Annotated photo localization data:
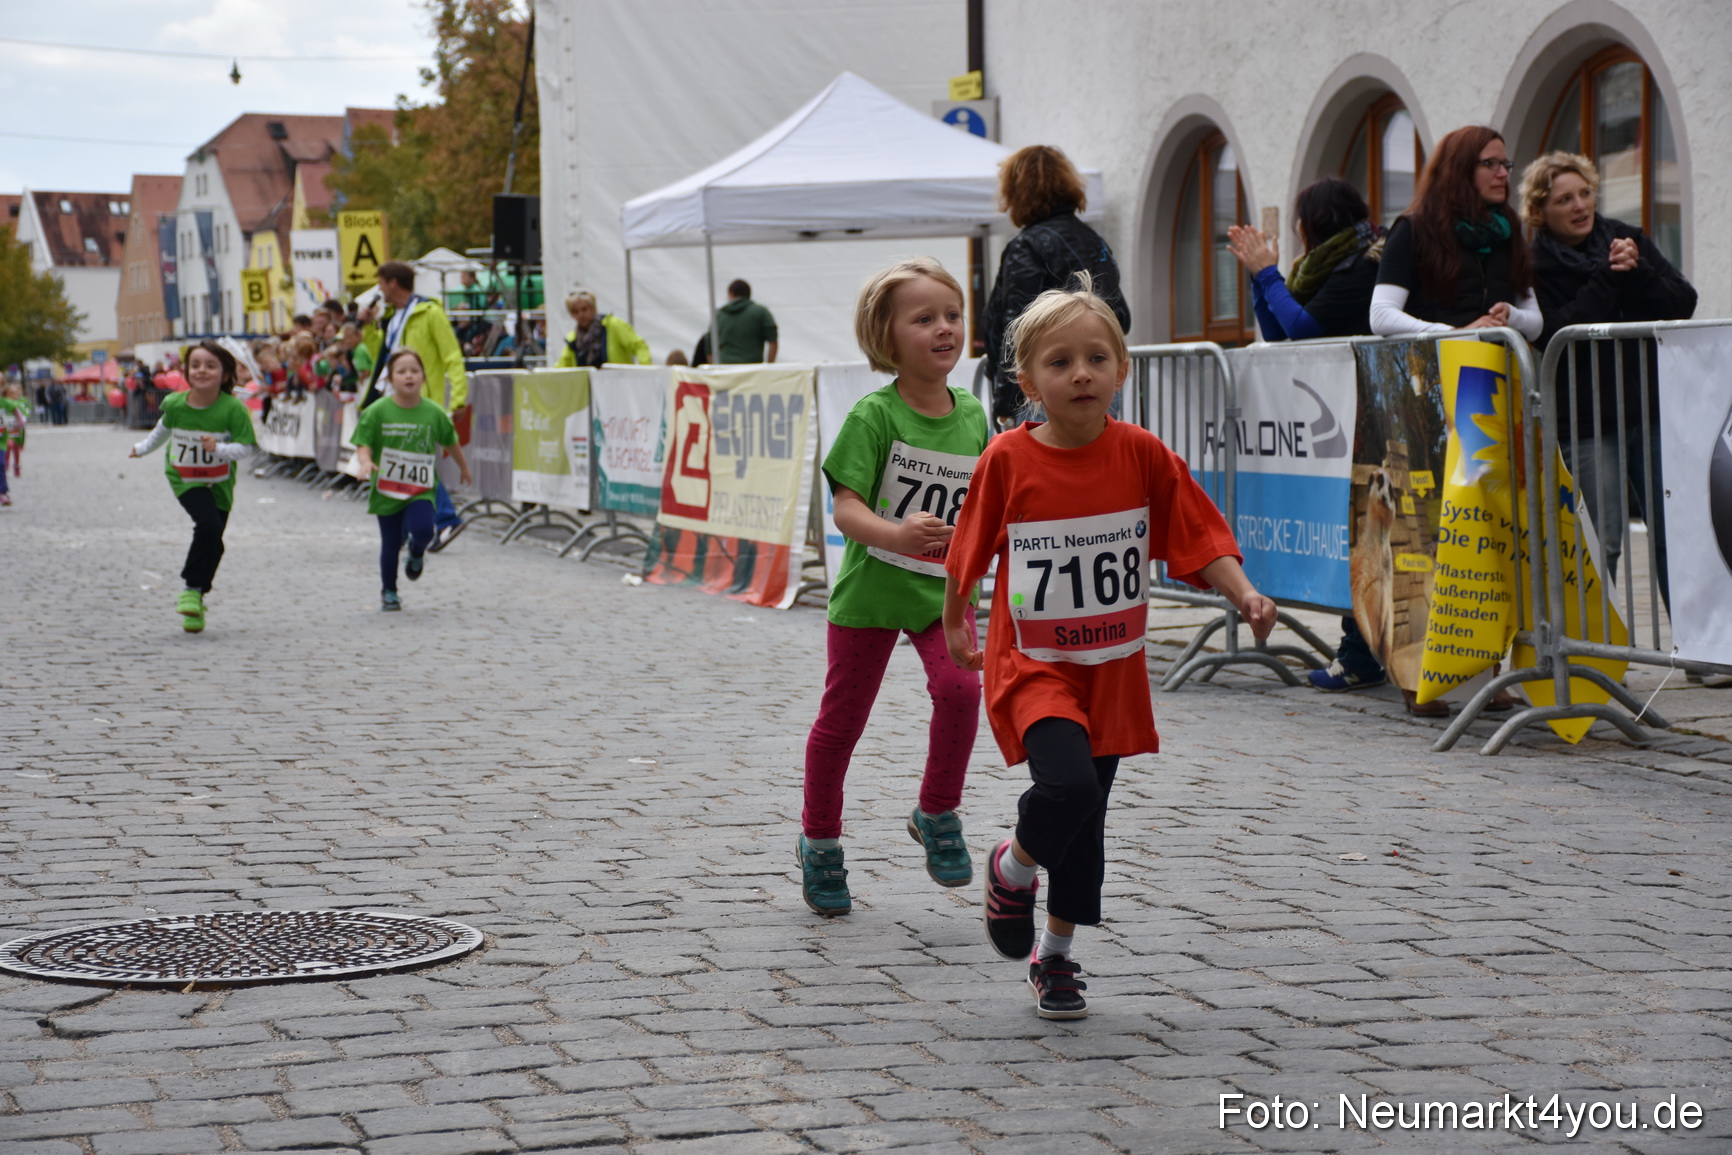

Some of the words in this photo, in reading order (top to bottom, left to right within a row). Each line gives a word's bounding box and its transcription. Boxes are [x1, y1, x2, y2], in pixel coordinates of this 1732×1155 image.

[344, 214, 382, 228] Block
[352, 234, 378, 267] A
[248, 282, 263, 303] B
[711, 389, 804, 479] Egner
[386, 460, 428, 484] 7140
[891, 453, 934, 475] PARTL
[1013, 536, 1061, 552] PARTL
[1064, 527, 1132, 548] Neumarkt
[1237, 515, 1292, 553] STRECKE
[1295, 521, 1350, 561] ZUHAUSE
[1437, 526, 1470, 547] Die
[1026, 546, 1140, 612] 7168
[1431, 602, 1499, 621] Palisaden
[1055, 622, 1127, 646] Sabrina
[1429, 619, 1474, 638] Stufen
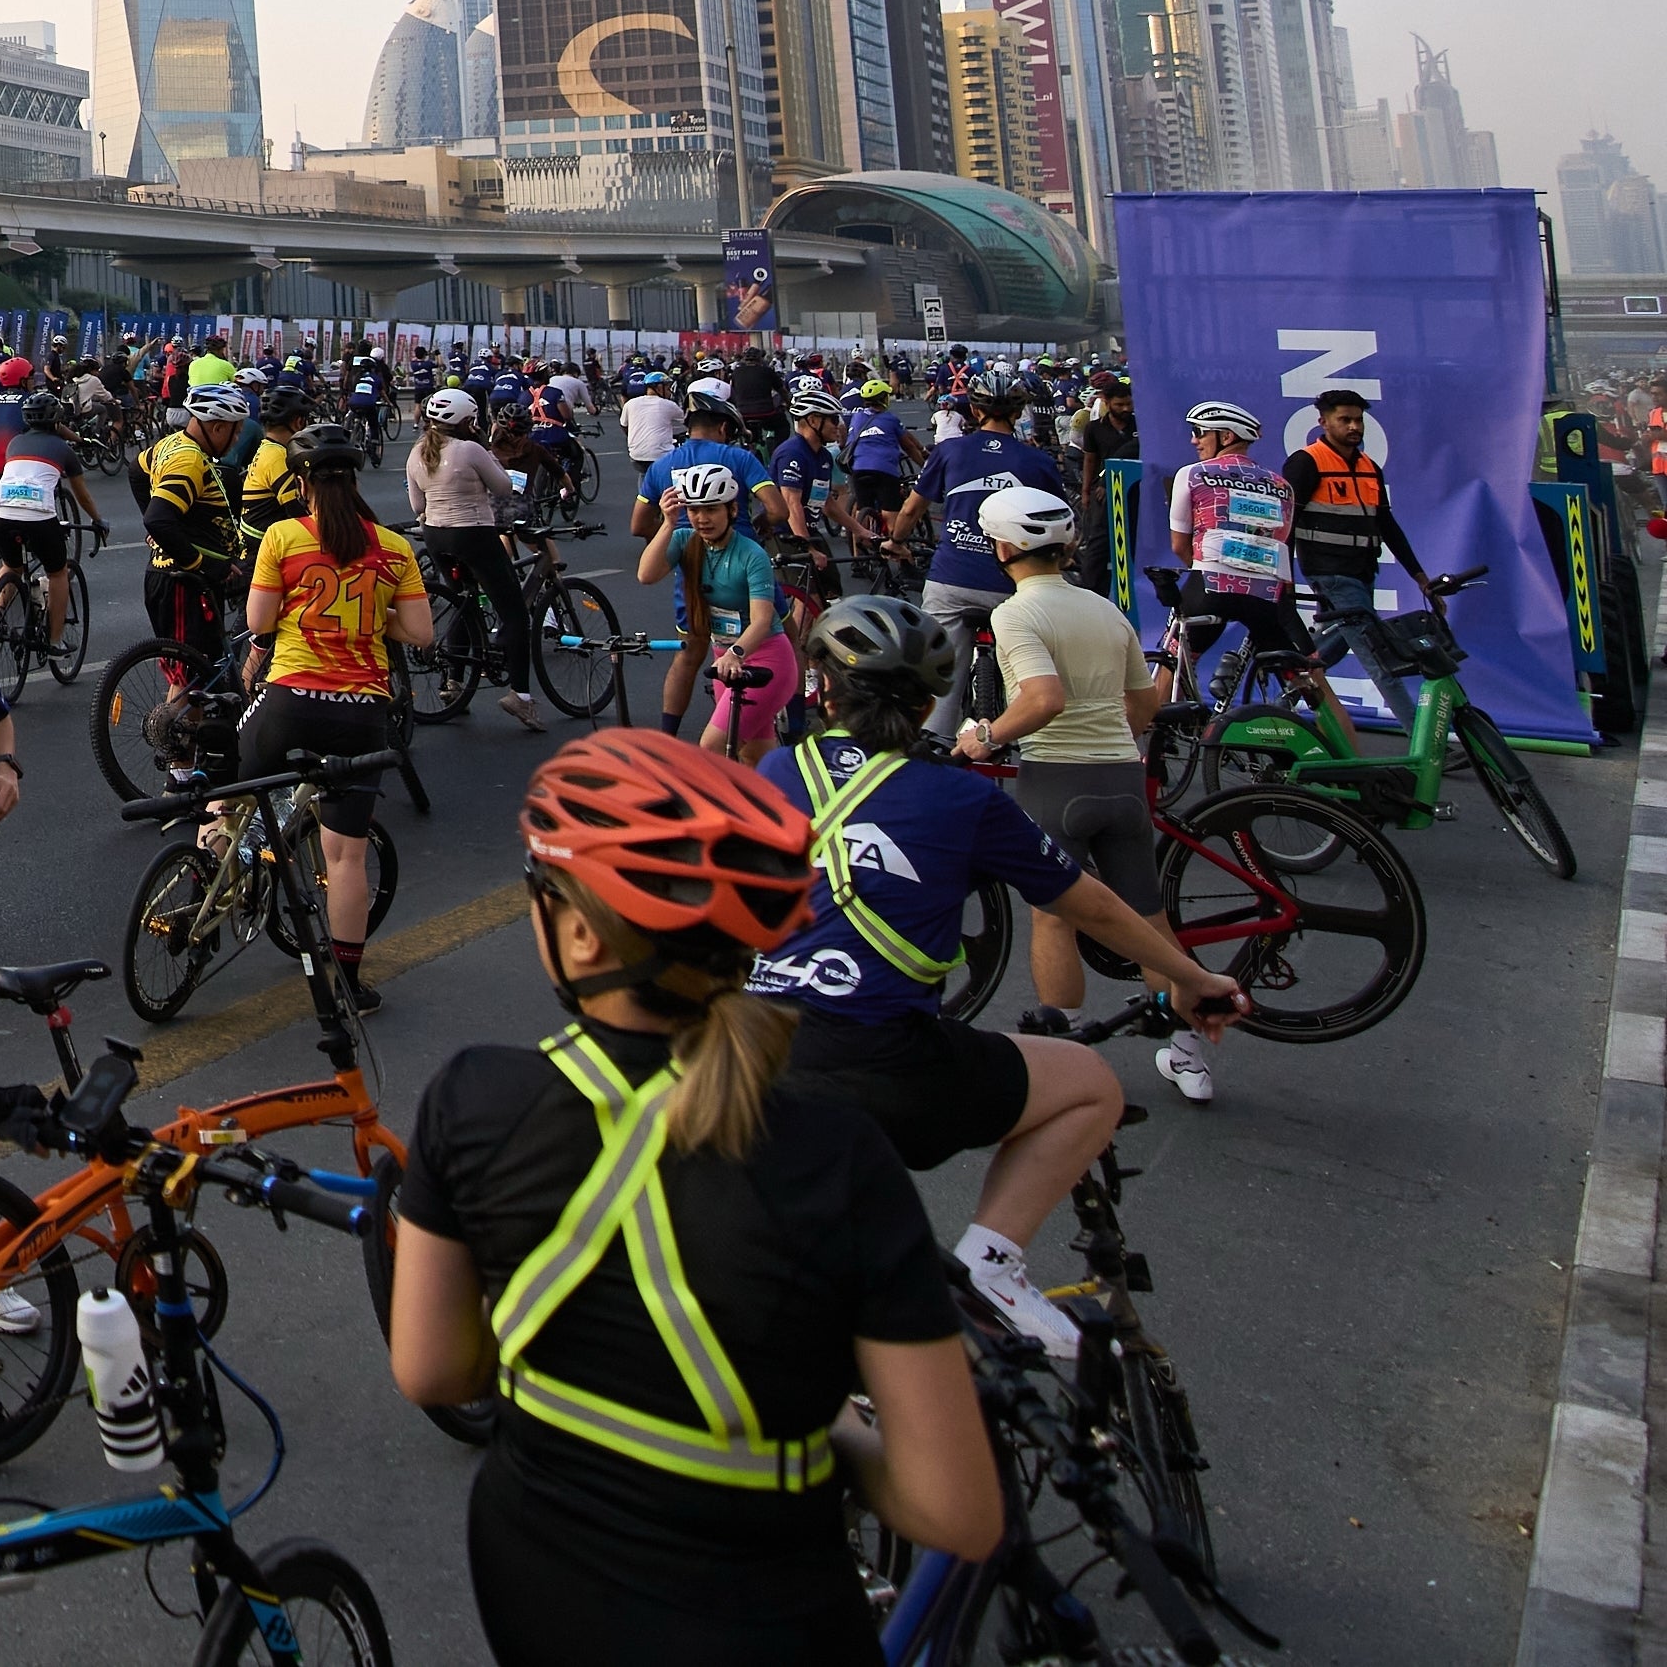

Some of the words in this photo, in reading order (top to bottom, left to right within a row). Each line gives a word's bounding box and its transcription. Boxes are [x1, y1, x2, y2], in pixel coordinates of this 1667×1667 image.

[43, 316, 51, 343] WORLD
[983, 476, 1014, 490] RTA
[951, 531, 984, 544] Jafza
[299, 563, 379, 635] 21
[1436, 690, 1451, 719] BIKE
[1246, 726, 1277, 735] Careem
[1277, 727, 1296, 736] BIKE
[850, 837, 886, 871] TA

** PROBLEM STATEMENT **
Above are the records; copy them exactly without the pictures.

** WRITTEN SOLUTION **
Some of the words in this photo, in reading order (top to bottom, left to right within a row). Each line gives a word's bounding box and its transcription. Boxes are [x1, y1, x2, y2], in pixel coordinates of this 1732×1155 image.

[344, 214, 382, 228] Block
[352, 234, 378, 267] A
[248, 282, 263, 303] B
[711, 389, 804, 479] Egner
[386, 460, 428, 484] 7140
[891, 453, 934, 475] PARTL
[1013, 536, 1061, 552] PARTL
[1064, 527, 1132, 548] Neumarkt
[1237, 515, 1292, 553] STRECKE
[1295, 521, 1350, 561] ZUHAUSE
[1437, 526, 1470, 547] Die
[1026, 546, 1140, 612] 7168
[1431, 602, 1499, 621] Palisaden
[1055, 622, 1127, 646] Sabrina
[1429, 619, 1474, 638] Stufen

Some of the words in this photo, in reading order (top to bottom, left to right within a row). Each line gives a word's bounding box and its transcription. Boxes are [x1, y1, x2, y2], in pixel coordinates of this 1667×1667 image.

[43, 316, 51, 343] WORLD
[983, 476, 1014, 490] RTA
[951, 531, 984, 544] Jafza
[299, 563, 379, 635] 21
[1436, 690, 1451, 719] BIKE
[1246, 726, 1277, 735] Careem
[1277, 727, 1296, 736] BIKE
[850, 837, 886, 871] TA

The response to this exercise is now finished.